Showing posts with label TFA. Show all posts
Showing posts with label TFA. Show all posts

Saturday, September 1, 2012

What Teach for America Gave Me

I meant to write this all summer. In fact, I meant to write this before I left San Antonio, Texas--my Teach for America home for 2 years after college. But for some reason, I just never did until I happened to see this article on the NYTimes setting up the debate about the effectiveness of TFA.

When I joined Teach for America in 2010 in the San Antonio Charter Corps, I knew I would be leaving for medical school in 2 years. I knew that TFA was notoriously difficult because of the high expectations placed on its corps members and the situation they were placed in.

Coming right out of college, wide-eyed and idealistic, it's a bit of a shock to go into a classroom prepared to pull a "Stand and Deliver" moment, only to be completely unsure of what to do when a student starts yelling racial slurs across the room, and another picks up a chair looking to throw it.

But how could I enter the world of medicine, saying I wanted to effect a change in health policy and work with the underserved population, when my experiences were primarily in volunteering? I did Teach for America because I knew it would give me perspective on the social, economic, cultural, and academic impacts of American poverty. In return, I could provide 2 years of my dedicated, unrelenting effort to my students as a science teacher.

I was provided about 6 weeks of in-class training, and then training throughout the school year about being at teacher. Most people, especially those who did semester or year long in-class training, gawk at that. How can you possible learn to drive an effective classroom in that amount of time? The answer is simple: you can't. I didn't, and I doubt anyone does. But what it gave me was a template of how to prepare lesson plans, focus on academic achievement, and set high standards for my students. More importantly, it slapped the wide-eyed innocence right out of me. It showed me what I would have to do, gave me the tools on how to handle it, and sent me off--trembling from excitement and a healthy dose of fear of failure.

But that's why Teach For America has a rigorous selection process. It's not all a numbers game: it's about leadership. After all -- what are you if not the leader, commander, and director of your classroom? Though it is not fool proof, it does effectively recruit people who are goal-driven, hard workers and will not give up at the first, second, third, or fourteenth failure.

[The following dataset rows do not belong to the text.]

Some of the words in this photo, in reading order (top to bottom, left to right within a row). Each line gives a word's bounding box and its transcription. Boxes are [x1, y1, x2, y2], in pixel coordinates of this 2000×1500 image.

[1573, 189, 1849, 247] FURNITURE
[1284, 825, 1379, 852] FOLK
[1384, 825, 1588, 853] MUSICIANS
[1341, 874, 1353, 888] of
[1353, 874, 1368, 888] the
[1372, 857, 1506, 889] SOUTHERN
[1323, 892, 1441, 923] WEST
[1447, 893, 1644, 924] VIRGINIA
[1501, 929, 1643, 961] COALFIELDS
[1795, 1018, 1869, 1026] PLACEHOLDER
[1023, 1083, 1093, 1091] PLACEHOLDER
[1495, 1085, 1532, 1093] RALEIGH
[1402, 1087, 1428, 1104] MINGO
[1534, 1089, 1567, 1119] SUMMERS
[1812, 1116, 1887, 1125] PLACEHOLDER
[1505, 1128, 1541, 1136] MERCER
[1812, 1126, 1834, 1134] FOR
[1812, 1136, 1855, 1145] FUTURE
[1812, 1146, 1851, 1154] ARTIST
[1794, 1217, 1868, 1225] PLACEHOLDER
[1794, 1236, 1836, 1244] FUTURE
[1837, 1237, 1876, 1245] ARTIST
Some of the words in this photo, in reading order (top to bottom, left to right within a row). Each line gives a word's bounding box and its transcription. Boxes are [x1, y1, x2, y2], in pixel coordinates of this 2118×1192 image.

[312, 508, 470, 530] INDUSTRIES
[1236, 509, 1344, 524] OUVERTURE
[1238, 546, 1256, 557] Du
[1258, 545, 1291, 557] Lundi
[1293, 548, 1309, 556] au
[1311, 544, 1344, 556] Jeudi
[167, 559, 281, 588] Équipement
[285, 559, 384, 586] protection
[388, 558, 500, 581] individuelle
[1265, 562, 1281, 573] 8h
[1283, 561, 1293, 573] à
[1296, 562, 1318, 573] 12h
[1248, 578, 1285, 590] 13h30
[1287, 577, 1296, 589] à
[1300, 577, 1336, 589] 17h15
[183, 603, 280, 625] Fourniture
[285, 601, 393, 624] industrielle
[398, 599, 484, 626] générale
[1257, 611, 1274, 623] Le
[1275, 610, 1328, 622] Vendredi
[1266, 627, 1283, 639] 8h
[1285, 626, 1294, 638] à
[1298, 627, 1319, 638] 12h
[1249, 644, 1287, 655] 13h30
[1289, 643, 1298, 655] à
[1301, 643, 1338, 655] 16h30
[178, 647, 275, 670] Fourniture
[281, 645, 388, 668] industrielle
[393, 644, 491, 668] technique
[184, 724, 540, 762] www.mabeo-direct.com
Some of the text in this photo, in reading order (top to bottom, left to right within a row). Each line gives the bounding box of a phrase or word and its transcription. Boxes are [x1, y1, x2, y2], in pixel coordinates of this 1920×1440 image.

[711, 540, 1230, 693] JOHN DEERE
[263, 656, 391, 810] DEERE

I gave everything I could to my students over the 2 years that I worked for San Antonio Independent School District. I promised them I would teach them Biology, and I did. I promised them I would get them above and beyond passing the state Biology exam, and for most, I did. I promised them I would never give up on them, and I didn't. People often ask me if I feel that I made an actual impact on my students' lives--and I'm honestly not sure. I can tell you that there are students that will never remember, and students that will always remember me. I can tell that I had the opportunity to work with children to take them from knowing very little about Biology, to being conversational in basic Biology by the end of the year. I can tell them that I made students feel, and therefore be, smart. But a lasting impact? Only time will tell.

But my time with them gave me more. From an educational standpoint, TFA has made an education advocate out of me for life. I have internalized the impact that schools can have on students even when communities and families are struggling. I understand what it is like to be a teacher in an over-crowded underfunded classroom. And I know now what it's like to want to help your students so badly, but face a seemingly insurmountable sociocultural and political barriers. Education is no longer the great equalizer in our country, I see that clearer than ever, and I will work to ensure that changes.

From a medical standpoint, starting my future-physician career, I am more aware of how the world works. I can not only identify the socioeconomic determinants of health and health care delivery, but I have seen and internalized them. Two years gave me the time and experience to look at my school community broadly and learn why my students and their families make some of the choices they do, both helpful and harmful. I believe it has given me the beginnings of insight into what could be implementable and effective in these communities to better health outcomes. Or I could be wrong, but at the very least it has fueled my desire to learn more and push my career in medicine towards community health care and closing our health outcomes gap.

Do I think Teach for America is the answer to our educational woes? No, it's a very big band-aid on the wound that is our bleeding education system. I never took TFA for the answer--but rather a program that will push people who normally wouldn't be interested in education (either because of the extraordinarily low pay or the lack of respect the profession can engenders, or both) and change that,  making them more aware of the problem. TFA alums, no matter where we go, either staying in education or moving on to a different career, will always have our students and our experience in the back of our minds, consciously or subconsciously influencing our actions.

So back to my main point--what TFA has given me. It's given me a direction. A direction I was tentatively leaning towards after college, but now am barreling towards in medical school. A direction I can only hope will be worth the high monetary investment in my teacher training and classroom, and will help to shape the communities I was privileged enough to work in for 2 years. 

Saturday, June 16, 2012

Two Years

These are some of my thoughts that I've collected for the past few days, just what came out of my head:

School ended for me on June 6th. It is now June 15th. We spent the past 9 days packing up our house in San Antonio, moving across the country, finding an apartment in Boston, losing an apartment in Boston, finding another and signing it, reconnecting with my brother and sister-in-law, and seeing a few well-missed friends. It's been a whirl-wind experience, and I look forward to experience the rest of this summer with so many firsts.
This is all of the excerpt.